Europe is the most geographically close, understandable, and convenient location for moving. A vivid example of this is Spain, which turns your head with architecture, nature, aromas of fresh delicacies, and rhythms of temperamental flamenco. Official employment or registration of business activity, purchase of a real estate for 500,000 EUR, passive income from 2000 EUR per month, or confirmed refugee status are also suitable.

So is it worth moving?

It happens that the perfect job is waiting for you, not on the next street, but thousands of kilometers from home or even on another continent. If you are offered a job in another city or another country, how do you know if it is worth moving? Who will help make the decision? How do you weigh all the pros, such as salary increases and new opportunities, against the cons, such as difficulties for loved ones and loss of contacts?

Evaluate the big picture

When you’re contemplating a big decision, it’s tempting to open an Excel spreadsheet and write down all the pros and cons. But when you are faced with a choice that will change your life, you kind of choose your future self, and tables are powerless here. The job is just one piece of the puzzle. Consider all the components of your happiness and contentment. Think about what kind of lifestyle you are offered. Do you prefer living in a small town or a big city? Do you want to travel every weekend or prefer to spend time close to home? By answering the questions, you will understand what moving means for you and your family.

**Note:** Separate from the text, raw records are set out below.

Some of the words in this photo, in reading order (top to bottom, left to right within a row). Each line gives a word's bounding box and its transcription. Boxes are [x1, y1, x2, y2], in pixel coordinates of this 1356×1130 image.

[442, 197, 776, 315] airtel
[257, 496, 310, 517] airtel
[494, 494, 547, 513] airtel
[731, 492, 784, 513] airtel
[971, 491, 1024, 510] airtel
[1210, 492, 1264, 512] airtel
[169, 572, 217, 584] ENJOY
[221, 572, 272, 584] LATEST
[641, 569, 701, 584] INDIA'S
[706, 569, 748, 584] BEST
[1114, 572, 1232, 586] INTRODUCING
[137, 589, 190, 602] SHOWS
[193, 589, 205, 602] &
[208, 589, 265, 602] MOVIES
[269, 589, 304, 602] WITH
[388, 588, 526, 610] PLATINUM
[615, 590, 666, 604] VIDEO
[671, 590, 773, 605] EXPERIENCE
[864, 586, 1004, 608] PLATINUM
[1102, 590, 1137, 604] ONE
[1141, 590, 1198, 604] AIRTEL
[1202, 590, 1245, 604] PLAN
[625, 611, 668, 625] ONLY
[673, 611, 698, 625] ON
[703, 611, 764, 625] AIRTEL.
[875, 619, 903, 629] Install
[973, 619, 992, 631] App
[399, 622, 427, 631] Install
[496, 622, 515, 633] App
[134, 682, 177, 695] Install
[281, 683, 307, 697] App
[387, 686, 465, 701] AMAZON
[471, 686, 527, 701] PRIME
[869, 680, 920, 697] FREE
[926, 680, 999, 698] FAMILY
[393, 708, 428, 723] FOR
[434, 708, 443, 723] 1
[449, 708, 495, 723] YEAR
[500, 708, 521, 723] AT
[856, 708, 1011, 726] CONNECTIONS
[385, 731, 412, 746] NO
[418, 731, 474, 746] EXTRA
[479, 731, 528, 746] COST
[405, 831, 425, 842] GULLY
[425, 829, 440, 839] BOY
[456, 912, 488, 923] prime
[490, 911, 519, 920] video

Talk more with your spouse

The most important person in deciding whether to move is your husband or wife. How will the decision to move to affect the career of a loved one? Will he or she find a good job in the new place? If not, how far back will you have to go? Many studies show that people suffer if they have to give up a career for a while. If a husband or wife does not have a job in a new place, then other difficulties will arise, since your loved one will be deprived of their usual life. There is a problem known as the “spouse in tow” syndrome: you have a new job, new colleagues, and many new acquaintances, and the spouse is completely isolated.

Think carefully about your decision and take action only after receiving advice from loved ones and weighing the pros and cons.